The MENTOR TEXT AND BOOK TALK COMBO
“Teachers who are engaged readers do a better job of engaging students as readers. According to Morrison, Jacobs, and Swinyard (1999), ‘perhaps the most influential teacher behavior to influence students’ literacy development is personal reading, both in and out of school’ (p. 81).” Preparing Teachers with Knowledge of Children’s and Young Adult Literature, NCTE, 2018).
When we read and bring our reading lives into the classroom, our students benefit. Our experiences as readers help us develop literacy curricula that is responsive and authentic, and they help us develop a shared language for reader-to-reader conversations. Our personal and professional literacy lives provide us with the insider knowledge we need to support our students on their own journeys of developing and growing as readers, writers, communicators, listeners, thinkers, and citizens.
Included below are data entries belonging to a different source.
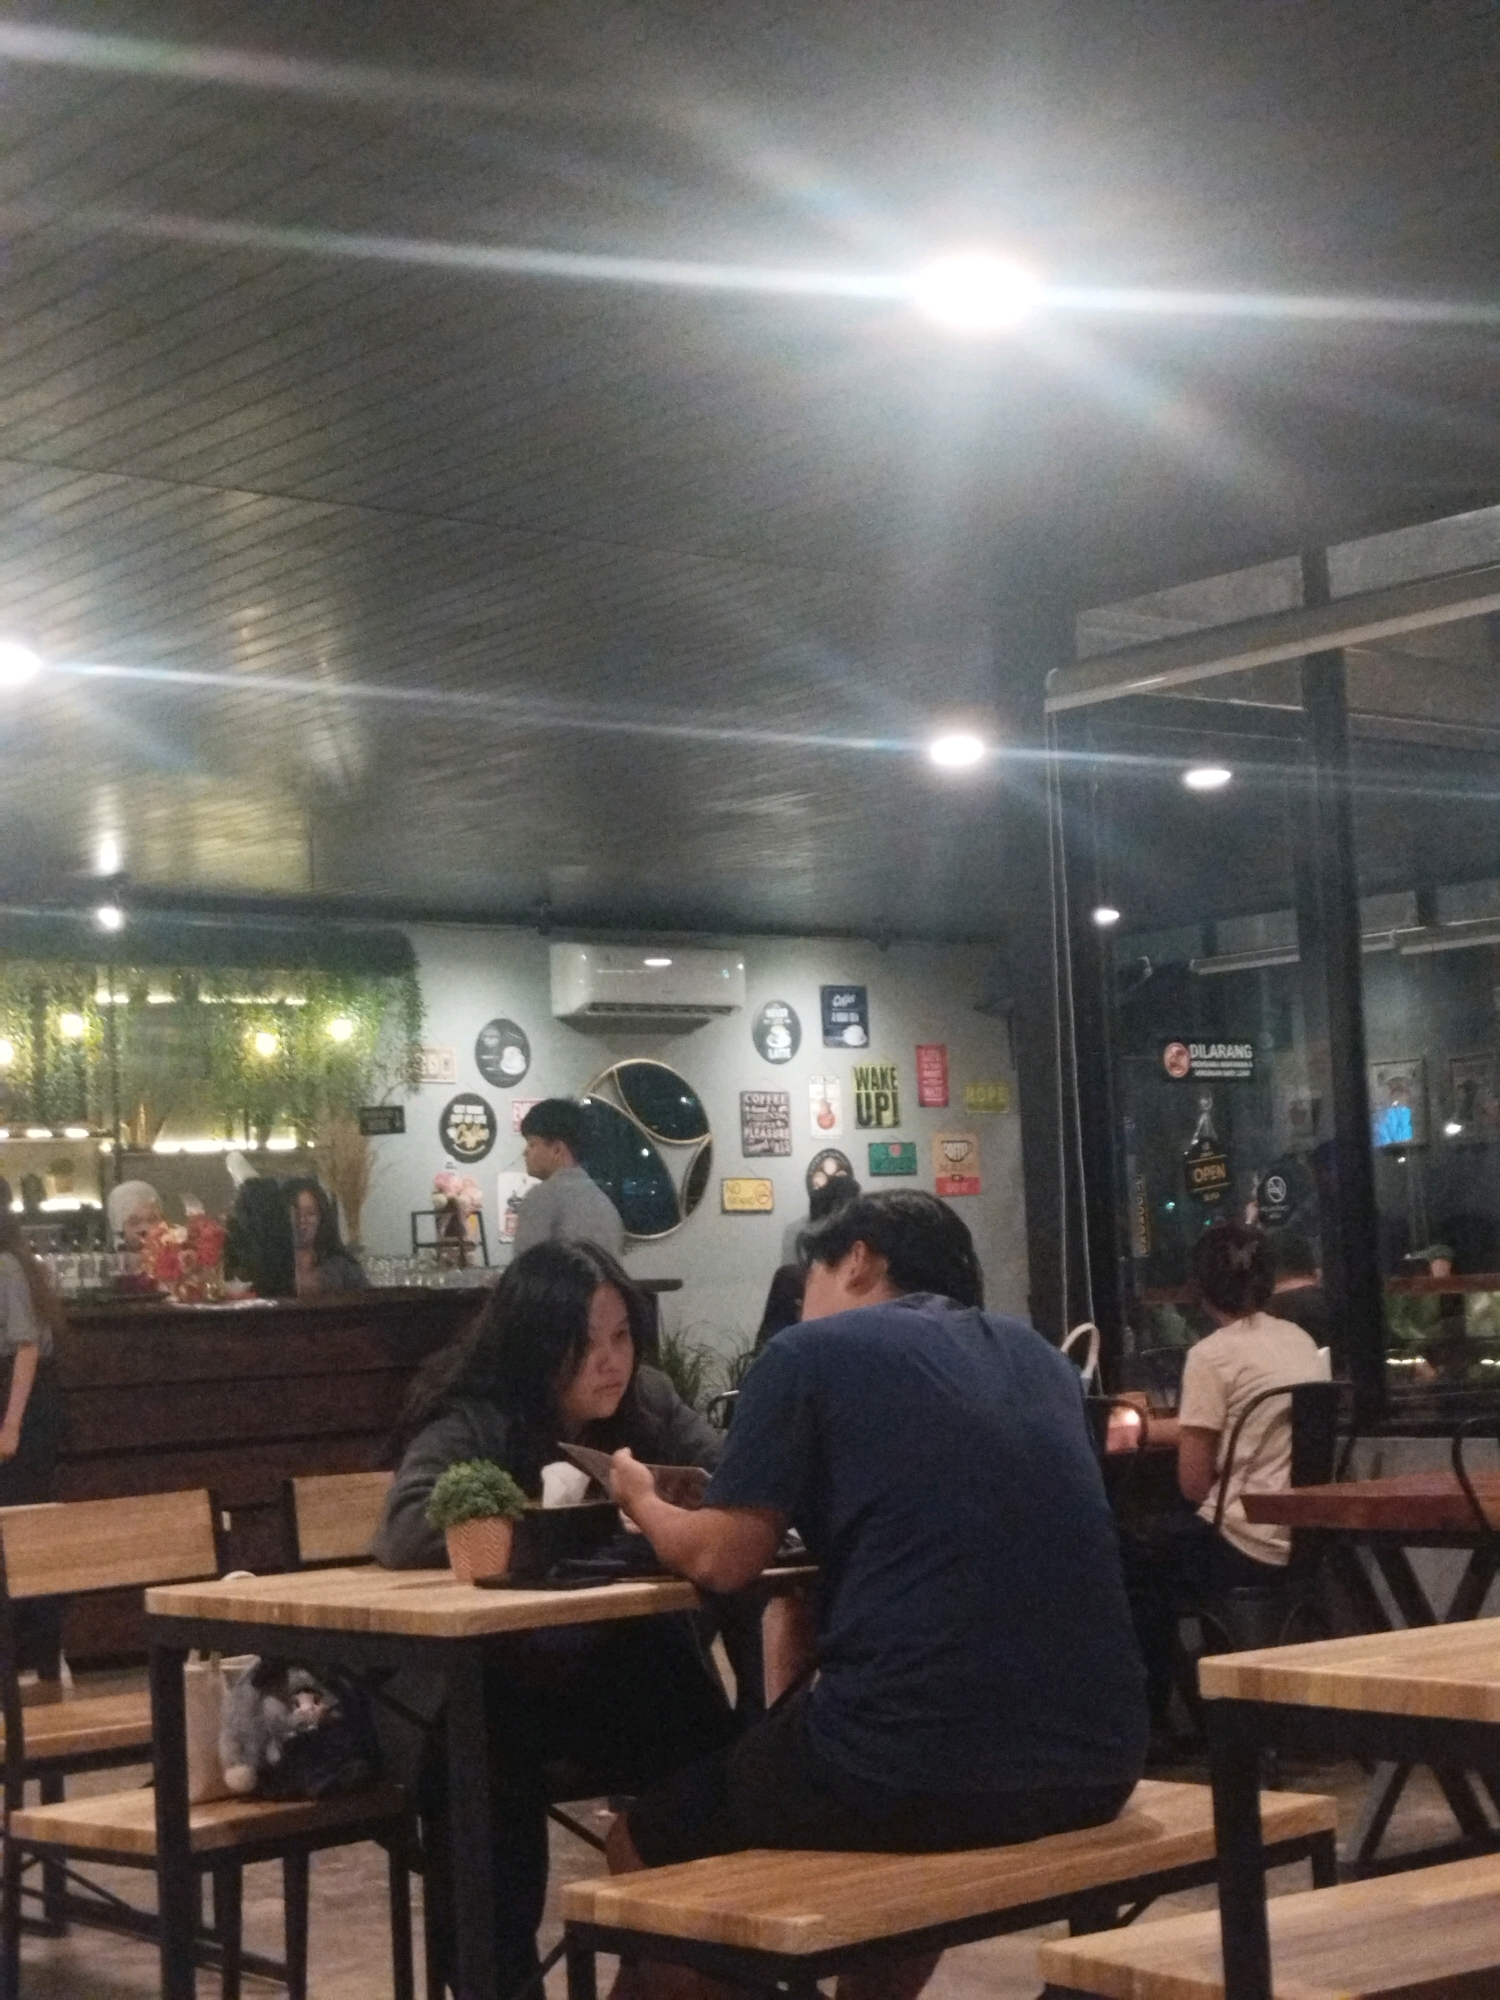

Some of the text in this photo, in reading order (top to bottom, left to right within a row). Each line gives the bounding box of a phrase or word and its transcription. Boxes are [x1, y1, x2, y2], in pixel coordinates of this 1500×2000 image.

[1189, 1044, 1253, 1059] DILARANG
[854, 1066, 898, 1091] WAKE
[745, 1094, 786, 1105] COFFEE
[856, 1092, 899, 1126] UP!
[1193, 1163, 1226, 1183] OPEN
One of the simplest ways to make our reading lives visible to students is with the mentor text and book talk combo.
In What you Know by Heart, Katie Wood Ray describes what it means to read like a teacher of writing:
“Every time we see writing, we are seeing what we teach. We are seeing examples of what’s possible in writing, and so we have to read the texts we encounter across our lives differently than other people. We read these texts like teachers of writing. We are on the lookout for interesting ways to approach the writing, interesting ways to craft sentences and paragraphs and whole texts, interesting ways to bring characters to life or make time move or get a point across. When we read, we are always on the lookout—whether we intend to be or not—for interesting things we might teacher our students how to do.”
Reading in this way is a habit of mind for us as literacy teachers; we read everything with our eyes open for mentor text possibilities.
When we share these mentor texts with students in mini-lessons, writing conferences, inquiry units into genre or form, or quickwrites, we can incorporate a quick book talk or description of our how we came across the text and give students a glimpse into our life as a reader.
A few years ago, I started collecting these mentor possibilities in my writer’s notebook. This reading ritual has helped me developed the skill of reading like a teacher of writing and it provides an artifact of my reading life that I can show students when I share my notebook:
Combining book talks with mentor texts is a quick and easy strategy for sharing your reading life with students that you can try tomorrow.